▶ Problem: Each entry needs to be repeated exactly, with nothing added or removed.

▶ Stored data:
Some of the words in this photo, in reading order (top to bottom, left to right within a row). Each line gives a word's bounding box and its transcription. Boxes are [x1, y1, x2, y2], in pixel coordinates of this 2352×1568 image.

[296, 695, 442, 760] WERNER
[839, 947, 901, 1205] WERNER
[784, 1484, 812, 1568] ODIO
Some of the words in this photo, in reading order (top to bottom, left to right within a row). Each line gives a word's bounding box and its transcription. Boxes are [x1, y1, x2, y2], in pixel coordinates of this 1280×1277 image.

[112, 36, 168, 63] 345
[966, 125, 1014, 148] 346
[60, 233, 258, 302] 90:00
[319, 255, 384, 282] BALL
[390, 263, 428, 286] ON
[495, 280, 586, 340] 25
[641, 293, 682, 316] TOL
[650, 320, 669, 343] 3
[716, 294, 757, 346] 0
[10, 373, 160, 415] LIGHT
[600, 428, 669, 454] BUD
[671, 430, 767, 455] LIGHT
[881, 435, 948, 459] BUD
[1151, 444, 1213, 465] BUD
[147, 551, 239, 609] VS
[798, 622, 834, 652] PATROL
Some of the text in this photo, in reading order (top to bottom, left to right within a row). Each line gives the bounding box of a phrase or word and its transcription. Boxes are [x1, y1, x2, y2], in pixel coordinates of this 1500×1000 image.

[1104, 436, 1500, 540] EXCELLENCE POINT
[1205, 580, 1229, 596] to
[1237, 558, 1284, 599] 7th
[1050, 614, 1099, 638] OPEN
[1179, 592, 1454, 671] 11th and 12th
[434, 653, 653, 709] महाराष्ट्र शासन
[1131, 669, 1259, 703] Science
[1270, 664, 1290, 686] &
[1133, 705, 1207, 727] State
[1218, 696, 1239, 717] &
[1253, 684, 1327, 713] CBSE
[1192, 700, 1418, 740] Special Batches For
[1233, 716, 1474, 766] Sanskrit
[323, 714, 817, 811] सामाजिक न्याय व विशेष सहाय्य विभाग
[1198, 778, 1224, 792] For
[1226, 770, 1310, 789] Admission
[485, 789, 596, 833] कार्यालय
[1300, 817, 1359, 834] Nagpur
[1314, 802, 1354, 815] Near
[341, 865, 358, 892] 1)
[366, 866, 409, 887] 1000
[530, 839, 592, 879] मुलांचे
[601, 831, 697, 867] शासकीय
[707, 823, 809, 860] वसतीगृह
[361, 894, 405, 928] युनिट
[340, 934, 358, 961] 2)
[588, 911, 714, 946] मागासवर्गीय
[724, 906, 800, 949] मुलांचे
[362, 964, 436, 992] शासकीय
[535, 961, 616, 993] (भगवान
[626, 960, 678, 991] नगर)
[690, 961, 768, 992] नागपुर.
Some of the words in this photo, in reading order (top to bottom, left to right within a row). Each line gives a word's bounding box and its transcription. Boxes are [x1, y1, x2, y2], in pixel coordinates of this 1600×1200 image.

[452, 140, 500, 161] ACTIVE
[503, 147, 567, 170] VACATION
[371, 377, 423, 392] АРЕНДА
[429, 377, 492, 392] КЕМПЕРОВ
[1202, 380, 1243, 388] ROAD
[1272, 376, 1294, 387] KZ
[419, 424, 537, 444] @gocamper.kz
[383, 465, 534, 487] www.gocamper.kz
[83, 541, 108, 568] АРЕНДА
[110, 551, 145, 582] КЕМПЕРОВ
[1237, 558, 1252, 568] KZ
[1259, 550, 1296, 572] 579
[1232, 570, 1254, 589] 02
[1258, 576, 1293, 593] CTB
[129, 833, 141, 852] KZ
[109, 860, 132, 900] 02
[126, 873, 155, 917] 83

▶ Solution for this task:
Some of the words in this photo, in reading order (top to bottom, left to right within a row). Each line gives a word's bounding box and its transcription. Boxes are [x1, y1, x2, y2], in pixel coordinates of this 2352×1568 image.

[296, 695, 442, 760] WERNER
[839, 947, 901, 1205] WERNER
[784, 1484, 812, 1568] ODIO
Some of the words in this photo, in reading order (top to bottom, left to right within a row). Each line gives a word's bounding box and its transcription. Boxes are [x1, y1, x2, y2], in pixel coordinates of this 1280×1277 image.

[112, 36, 168, 63] 345
[966, 125, 1014, 148] 346
[60, 233, 258, 302] 90:00
[319, 255, 384, 282] BALL
[390, 263, 428, 286] ON
[495, 280, 586, 340] 25
[641, 293, 682, 316] TOL
[650, 320, 669, 343] 3
[716, 294, 757, 346] 0
[10, 373, 160, 415] LIGHT
[600, 428, 669, 454] BUD
[671, 430, 767, 455] LIGHT
[881, 435, 948, 459] BUD
[1151, 444, 1213, 465] BUD
[147, 551, 239, 609] VS
[798, 622, 834, 652] PATROL
Some of the text in this photo, in reading order (top to bottom, left to right within a row). Each line gives the bounding box of a phrase or word and its transcription. Boxes are [x1, y1, x2, y2], in pixel coordinates of this 1500×1000 image.

[1104, 436, 1500, 540] EXCELLENCE POINT
[1205, 580, 1229, 596] to
[1237, 558, 1284, 599] 7th
[1050, 614, 1099, 638] OPEN
[1179, 592, 1454, 671] 11th and 12th
[434, 653, 653, 709] महाराष्ट्र शासन
[1131, 669, 1259, 703] Science
[1270, 664, 1290, 686] &
[1133, 705, 1207, 727] State
[1218, 696, 1239, 717] &
[1253, 684, 1327, 713] CBSE
[1192, 700, 1418, 740] Special Batches For
[1233, 716, 1474, 766] Sanskrit
[323, 714, 817, 811] सामाजिक न्याय व विशेष सहाय्य विभाग
[1198, 778, 1224, 792] For
[1226, 770, 1310, 789] Admission
[485, 789, 596, 833] कार्यालय
[1300, 817, 1359, 834] Nagpur
[1314, 802, 1354, 815] Near
[341, 865, 358, 892] 1)
[366, 866, 409, 887] 1000
[530, 839, 592, 879] मुलांचे
[601, 831, 697, 867] शासकीय
[707, 823, 809, 860] वसतीगृह
[361, 894, 405, 928] युनिट
[340, 934, 358, 961] 2)
[588, 911, 714, 946] मागासवर्गीय
[724, 906, 800, 949] मुलांचे
[362, 964, 436, 992] शासकीय
[535, 961, 616, 993] (भगवान
[626, 960, 678, 991] नगर)
[690, 961, 768, 992] नागपुर.
Some of the words in this photo, in reading order (top to bottom, left to right within a row). Each line gives a word's bounding box and its transcription. Boxes are [x1, y1, x2, y2], in pixel coordinates of this 1600×1200 image.

[452, 140, 500, 161] ACTIVE
[503, 147, 567, 170] VACATION
[371, 377, 423, 392] АРЕНДА
[429, 377, 492, 392] КЕМПЕРОВ
[1202, 380, 1243, 388] ROAD
[1272, 376, 1294, 387] KZ
[419, 424, 537, 444] @gocamper.kz
[383, 465, 534, 487] www.gocamper.kz
[83, 541, 108, 568] АРЕНДА
[110, 551, 145, 582] КЕМПЕРОВ
[1237, 558, 1252, 568] KZ
[1259, 550, 1296, 572] 579
[1232, 570, 1254, 589] 02
[1258, 576, 1293, 593] CTB
[129, 833, 141, 852] KZ
[109, 860, 132, 900] 02
[126, 873, 155, 917] 83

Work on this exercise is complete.